Frente a esse cenário, o melhoramento genético foi adotado como estratégia para reduzir perdas, diminuir o uso de fungicidas e melhorar o manejo da cultura. Em 2012, pesquisadores da Unemat implantaram um Banco Ativo de Germoplasma (BAG) de abacaxi, reunindo diferentes materiais genéticos para avaliação. A partir daí, foram conduzidas etapas de análise de incidência de doenças, avaliação de caracterização agronômica, estudos de diversidade genética, cruzamentos controlados, formação de populações e seleção de clones com uso de métodos estatísticos (REML/BLUP), além de testes de campo para resistência à fusariose. O processo culminou na seleção final de materiais promissores e no lançamento, em 2024, das cultivares Unemat Diamantina e Unemat Rubi.
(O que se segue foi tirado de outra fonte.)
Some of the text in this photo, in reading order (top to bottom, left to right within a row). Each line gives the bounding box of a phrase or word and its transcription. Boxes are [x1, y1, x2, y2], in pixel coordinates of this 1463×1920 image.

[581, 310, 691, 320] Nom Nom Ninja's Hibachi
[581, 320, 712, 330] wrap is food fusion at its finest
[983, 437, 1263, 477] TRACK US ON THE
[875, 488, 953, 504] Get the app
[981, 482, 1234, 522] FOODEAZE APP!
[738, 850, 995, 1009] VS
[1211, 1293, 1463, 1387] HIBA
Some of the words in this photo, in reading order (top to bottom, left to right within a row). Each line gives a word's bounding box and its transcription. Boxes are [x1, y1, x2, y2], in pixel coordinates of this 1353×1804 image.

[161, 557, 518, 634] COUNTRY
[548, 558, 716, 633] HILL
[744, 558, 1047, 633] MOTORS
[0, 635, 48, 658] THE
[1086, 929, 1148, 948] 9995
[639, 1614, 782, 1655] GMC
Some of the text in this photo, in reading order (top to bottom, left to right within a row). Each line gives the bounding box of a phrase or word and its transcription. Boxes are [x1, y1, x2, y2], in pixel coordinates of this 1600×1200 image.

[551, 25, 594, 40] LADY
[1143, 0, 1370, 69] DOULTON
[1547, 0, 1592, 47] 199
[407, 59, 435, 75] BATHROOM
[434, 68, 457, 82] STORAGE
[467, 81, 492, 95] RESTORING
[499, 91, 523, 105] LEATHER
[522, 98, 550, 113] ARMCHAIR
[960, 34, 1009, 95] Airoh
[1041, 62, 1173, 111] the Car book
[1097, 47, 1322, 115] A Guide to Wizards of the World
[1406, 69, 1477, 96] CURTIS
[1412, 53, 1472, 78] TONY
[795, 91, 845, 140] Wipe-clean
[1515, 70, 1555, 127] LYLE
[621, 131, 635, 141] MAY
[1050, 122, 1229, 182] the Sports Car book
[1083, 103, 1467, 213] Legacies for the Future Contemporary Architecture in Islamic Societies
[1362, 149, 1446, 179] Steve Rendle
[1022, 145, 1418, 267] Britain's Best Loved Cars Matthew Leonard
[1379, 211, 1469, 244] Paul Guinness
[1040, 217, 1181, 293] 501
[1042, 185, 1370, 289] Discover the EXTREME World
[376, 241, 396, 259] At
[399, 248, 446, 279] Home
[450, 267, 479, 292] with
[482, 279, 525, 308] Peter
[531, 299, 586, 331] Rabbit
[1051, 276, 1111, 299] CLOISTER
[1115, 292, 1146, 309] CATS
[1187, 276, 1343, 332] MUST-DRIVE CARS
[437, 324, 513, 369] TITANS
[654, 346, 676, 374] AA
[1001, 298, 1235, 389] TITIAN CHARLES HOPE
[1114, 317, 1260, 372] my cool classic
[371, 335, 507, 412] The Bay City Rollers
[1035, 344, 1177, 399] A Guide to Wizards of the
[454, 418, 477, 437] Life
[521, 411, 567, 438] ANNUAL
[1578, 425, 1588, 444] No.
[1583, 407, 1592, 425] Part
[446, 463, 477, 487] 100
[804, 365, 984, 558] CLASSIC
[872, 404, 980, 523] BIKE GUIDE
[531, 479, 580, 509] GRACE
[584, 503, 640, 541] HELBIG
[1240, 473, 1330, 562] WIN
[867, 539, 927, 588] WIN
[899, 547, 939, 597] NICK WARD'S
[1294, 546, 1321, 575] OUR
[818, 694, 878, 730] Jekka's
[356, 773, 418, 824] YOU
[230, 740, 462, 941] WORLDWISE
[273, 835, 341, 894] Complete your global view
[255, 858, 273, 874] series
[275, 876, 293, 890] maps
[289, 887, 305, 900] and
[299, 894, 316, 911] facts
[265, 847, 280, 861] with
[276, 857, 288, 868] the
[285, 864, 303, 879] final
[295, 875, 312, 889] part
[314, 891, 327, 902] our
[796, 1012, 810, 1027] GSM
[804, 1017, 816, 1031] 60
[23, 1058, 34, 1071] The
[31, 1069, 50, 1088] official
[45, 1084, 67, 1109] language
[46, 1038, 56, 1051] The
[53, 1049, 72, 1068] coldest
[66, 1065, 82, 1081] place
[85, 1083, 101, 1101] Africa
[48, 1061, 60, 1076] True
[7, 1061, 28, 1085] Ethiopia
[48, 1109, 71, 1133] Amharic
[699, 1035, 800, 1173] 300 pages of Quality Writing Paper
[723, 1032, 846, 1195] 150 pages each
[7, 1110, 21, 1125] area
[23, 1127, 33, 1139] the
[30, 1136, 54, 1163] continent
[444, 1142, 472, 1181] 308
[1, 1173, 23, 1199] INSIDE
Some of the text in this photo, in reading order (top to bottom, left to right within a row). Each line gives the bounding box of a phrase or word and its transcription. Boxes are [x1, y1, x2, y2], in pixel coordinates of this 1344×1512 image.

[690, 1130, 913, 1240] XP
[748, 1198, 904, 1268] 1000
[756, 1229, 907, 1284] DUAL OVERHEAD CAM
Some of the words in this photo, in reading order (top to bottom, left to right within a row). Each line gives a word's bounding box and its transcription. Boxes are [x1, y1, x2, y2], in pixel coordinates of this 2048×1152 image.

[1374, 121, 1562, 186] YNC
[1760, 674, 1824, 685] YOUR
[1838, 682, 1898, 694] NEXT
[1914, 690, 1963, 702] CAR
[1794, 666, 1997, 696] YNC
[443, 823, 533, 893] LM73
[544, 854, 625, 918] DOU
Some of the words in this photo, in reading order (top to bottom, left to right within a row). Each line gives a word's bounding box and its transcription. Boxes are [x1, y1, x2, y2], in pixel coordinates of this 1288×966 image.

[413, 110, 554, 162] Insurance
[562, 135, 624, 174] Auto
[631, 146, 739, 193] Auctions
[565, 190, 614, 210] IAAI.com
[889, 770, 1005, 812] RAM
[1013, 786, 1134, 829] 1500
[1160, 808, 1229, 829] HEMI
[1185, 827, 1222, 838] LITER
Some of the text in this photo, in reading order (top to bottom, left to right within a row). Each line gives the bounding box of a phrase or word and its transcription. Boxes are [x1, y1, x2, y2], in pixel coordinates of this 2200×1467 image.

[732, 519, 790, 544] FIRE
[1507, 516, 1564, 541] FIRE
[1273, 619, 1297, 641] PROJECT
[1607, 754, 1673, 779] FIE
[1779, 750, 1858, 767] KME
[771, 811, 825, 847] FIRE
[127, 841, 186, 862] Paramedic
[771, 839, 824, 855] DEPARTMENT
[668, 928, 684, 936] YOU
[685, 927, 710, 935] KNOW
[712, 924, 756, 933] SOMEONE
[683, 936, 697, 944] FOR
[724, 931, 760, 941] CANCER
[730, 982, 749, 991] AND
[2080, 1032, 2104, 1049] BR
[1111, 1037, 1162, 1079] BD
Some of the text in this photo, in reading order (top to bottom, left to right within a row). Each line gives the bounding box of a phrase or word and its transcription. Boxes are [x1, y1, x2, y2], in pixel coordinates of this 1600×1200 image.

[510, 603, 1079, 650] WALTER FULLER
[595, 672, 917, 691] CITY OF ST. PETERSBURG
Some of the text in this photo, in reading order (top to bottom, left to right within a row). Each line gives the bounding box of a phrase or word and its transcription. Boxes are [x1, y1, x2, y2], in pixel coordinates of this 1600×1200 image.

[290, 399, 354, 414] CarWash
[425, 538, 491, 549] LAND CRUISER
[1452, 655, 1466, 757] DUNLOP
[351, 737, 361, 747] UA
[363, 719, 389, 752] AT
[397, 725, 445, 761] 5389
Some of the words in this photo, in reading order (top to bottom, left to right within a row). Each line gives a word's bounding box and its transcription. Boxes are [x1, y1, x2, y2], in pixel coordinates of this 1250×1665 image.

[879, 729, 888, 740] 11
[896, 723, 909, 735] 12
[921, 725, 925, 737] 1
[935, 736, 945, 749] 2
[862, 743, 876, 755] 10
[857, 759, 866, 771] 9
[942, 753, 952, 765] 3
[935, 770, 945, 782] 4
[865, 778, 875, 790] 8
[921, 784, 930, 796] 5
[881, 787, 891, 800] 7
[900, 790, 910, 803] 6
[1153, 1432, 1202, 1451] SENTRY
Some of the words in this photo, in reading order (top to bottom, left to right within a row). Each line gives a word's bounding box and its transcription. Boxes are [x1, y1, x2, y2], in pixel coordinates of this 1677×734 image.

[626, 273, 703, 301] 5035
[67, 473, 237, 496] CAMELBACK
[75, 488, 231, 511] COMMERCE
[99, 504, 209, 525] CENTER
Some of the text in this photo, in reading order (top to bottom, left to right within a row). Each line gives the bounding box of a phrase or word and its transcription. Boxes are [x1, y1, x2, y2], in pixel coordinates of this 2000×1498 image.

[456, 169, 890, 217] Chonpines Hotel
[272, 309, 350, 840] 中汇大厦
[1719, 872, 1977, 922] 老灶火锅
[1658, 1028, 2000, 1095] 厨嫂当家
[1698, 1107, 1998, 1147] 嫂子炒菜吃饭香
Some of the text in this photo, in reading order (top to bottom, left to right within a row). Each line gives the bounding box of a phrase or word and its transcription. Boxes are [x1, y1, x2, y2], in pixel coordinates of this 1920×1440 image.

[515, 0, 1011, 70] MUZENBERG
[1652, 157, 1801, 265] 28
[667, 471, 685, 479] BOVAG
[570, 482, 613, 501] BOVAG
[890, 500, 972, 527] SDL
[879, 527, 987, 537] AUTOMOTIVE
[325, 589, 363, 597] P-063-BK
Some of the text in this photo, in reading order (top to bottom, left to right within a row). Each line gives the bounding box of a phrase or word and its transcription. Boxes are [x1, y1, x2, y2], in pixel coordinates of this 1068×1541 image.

Do ponto de vista agronômico e de qualidade de frutos, as duas cultivares apresentam características bem definidas. A Unemat Rubi se destaca pelo formato cilíndrico, polpa amarela, massa média de 1,4 kg e teor de sólidos solúveis de 14° Brix. Já a outra cultivar atinge massa média de 2,3 kg e 13,5° Brix, indicando maior doçura potencial. Ambas apresentam acidez titulável em torno de 0,4% e relação açúcar/acidez superior a 30, o que garante um bom equilíbrio entre doçura e acidez, atributo valorizado para o consumo in natura.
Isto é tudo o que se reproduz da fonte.